Friday, April 15, 2005

"'Armed Vigilantes: The New Face of the Republican Party"

Totally Awesome Piece by the Nashua Advocate, one of my favorite blogs.
http://www.nashuaadvocate.blogspot.com/

Armed Vigilantes: The New Face of the Republican Party

By ADVOCATE STAFF

This is a news story about a Google headline, "Florida National Rifle Association Bill Would Allow People To Kill Others In Public."

This is a news story about how that headline is not, by any means, an exaggeration, and about how the story underlying that headline is brought to you not by some obscure troglodyte on the X-con frontier, but the likely Republican presidential candidate in 2008--and the brother (God help us, the "smart" one) of our current President--Florida Governor Jeb Bush.

So, we begin.

Perhaps no tenet of criminal law is more venerable than the doctrine of self-defense.

The theory, of course, is that if a person has a reasonable apprehension that deadly force is about to be used against them, or if deadly force is the only reasonable means available to adequately repel a violent physical battery, self-defense may--repeat, may--excuse said person from criminal liability (notice we don't say "prosecution") for their violent response to that violent aggression.

And for as long as that principle has been in effect in the criminal law, there has been a corresponding, ineluctable principle to go along with it: the so-called "duty to retreat."

That legal duty--and what could be more sensible than this?--says that if someone is attacking you violently, you have a duty to make a good faith effort at retreating from the situation before responding with force, and that if you do respond with force, the level of force you employ must be reasonable in light of the level of force being used against you.

To put it in simpler terms, a bar fight which involves two men grappling is a circumstance in which the law will frequently recognize that meaningful "retreat" is impossible; in contrast, beating a man who's just hit you to a bloody pulp on the sidewalk in front of your house--instead of walking inside your house and calling the police--will not likely be considered an instance of "self-defense."

Put even more simply?

You can't just unload on someone who's hurt you and call it self-defense. The laws of this nation are designed, thankfully, to avoid any sort of unnecessary violence, including violence righteously meted out in direct response to someone else's unilaterally-initiated violence.

It's sensible, it's humane, and it promotes public safety to offer citizens the right of self-defense.

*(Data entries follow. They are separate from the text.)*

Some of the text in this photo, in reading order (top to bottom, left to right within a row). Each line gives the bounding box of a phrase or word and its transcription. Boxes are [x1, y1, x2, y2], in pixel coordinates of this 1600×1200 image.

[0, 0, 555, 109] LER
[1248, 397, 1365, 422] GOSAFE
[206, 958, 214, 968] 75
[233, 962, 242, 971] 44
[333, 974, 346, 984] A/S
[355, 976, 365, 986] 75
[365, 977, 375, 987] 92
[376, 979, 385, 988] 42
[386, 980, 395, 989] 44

It's equally sensible, and humane, and wise to balance that right with a clearly-delineated (that is, not unrealistic) duty to retreat.

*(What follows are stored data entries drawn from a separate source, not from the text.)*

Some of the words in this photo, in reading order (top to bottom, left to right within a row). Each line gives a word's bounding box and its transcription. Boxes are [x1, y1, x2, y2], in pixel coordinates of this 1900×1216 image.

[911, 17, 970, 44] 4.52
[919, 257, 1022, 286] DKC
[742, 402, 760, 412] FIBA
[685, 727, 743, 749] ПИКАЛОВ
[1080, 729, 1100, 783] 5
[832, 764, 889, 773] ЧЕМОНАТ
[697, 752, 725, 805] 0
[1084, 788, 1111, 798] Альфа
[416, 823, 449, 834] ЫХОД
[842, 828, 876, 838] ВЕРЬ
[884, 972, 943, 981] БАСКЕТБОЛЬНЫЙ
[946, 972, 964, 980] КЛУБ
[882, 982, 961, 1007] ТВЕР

Well, all that's about to end in Florida, if Jeb Bush has anything to say about it.

That guy who threatens to knock your block off at a Little League game because your kid is playing more than his? Now you'll be able to blow his brains out with a concealed weapon.

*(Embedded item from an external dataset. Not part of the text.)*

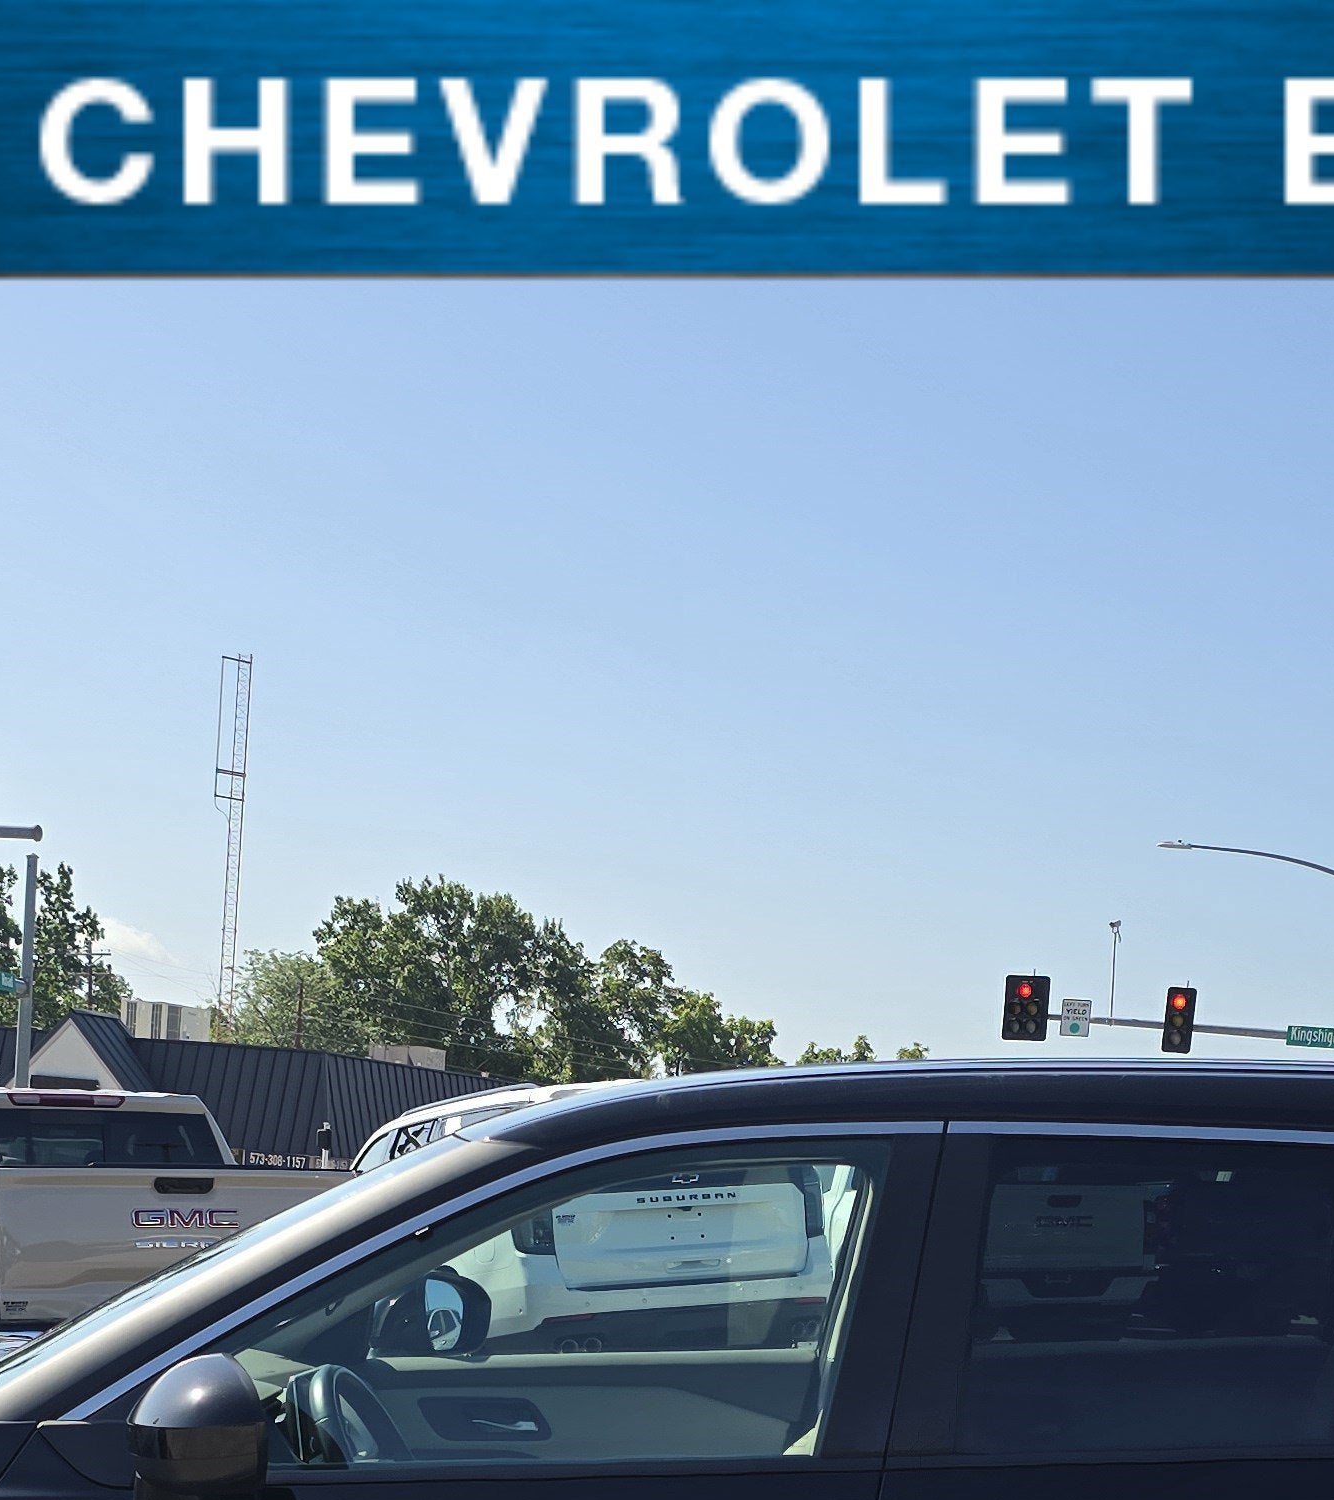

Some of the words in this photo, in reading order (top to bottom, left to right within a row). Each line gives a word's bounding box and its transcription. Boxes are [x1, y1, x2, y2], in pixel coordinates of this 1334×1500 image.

[1066, 1008, 1087, 1016] YIELD
[249, 1151, 306, 1169] 573-308-1157
[636, 1192, 736, 1204] SUBURBAN
[131, 1208, 240, 1228] GMC

The man who punches you with a closed fist at a neighborhood barbecue? Jeb Bush seems to suggest you can snipe his testicles off with a 9mm.

The crazy homeless woman who hits you with a stick while you're shopping downtown? Jeb Bush advises that you get her in your crosshairs, take the safety off on your titanium-alloy .357, and put a hole through her eye the size of a clementine.

Under the new Defense of Persons and Property Act supported by Jeb Bush--that's right, did we mention you can protect property with deadly force, too?--Florida citizens as religiously wed to the notion of a "culture of life" as President Bush and his brother will have the God-given right to blow each other to Kingdom Come with small-arms fire over Nike running shoes, a swift kick to the groin, a threatening candygram, or a treehouse dispute over baseball cards.

In fact, reading the text of the Act it seems you can put a hole through just about anybody--and spray the surrounding landscape with several quarts of their hot, steaming blood--for just about no reason at all: indeed, merely believing you are "in danger of" a series of ills, including the as-yet undefined "great harm," can justify deadly force under the Act.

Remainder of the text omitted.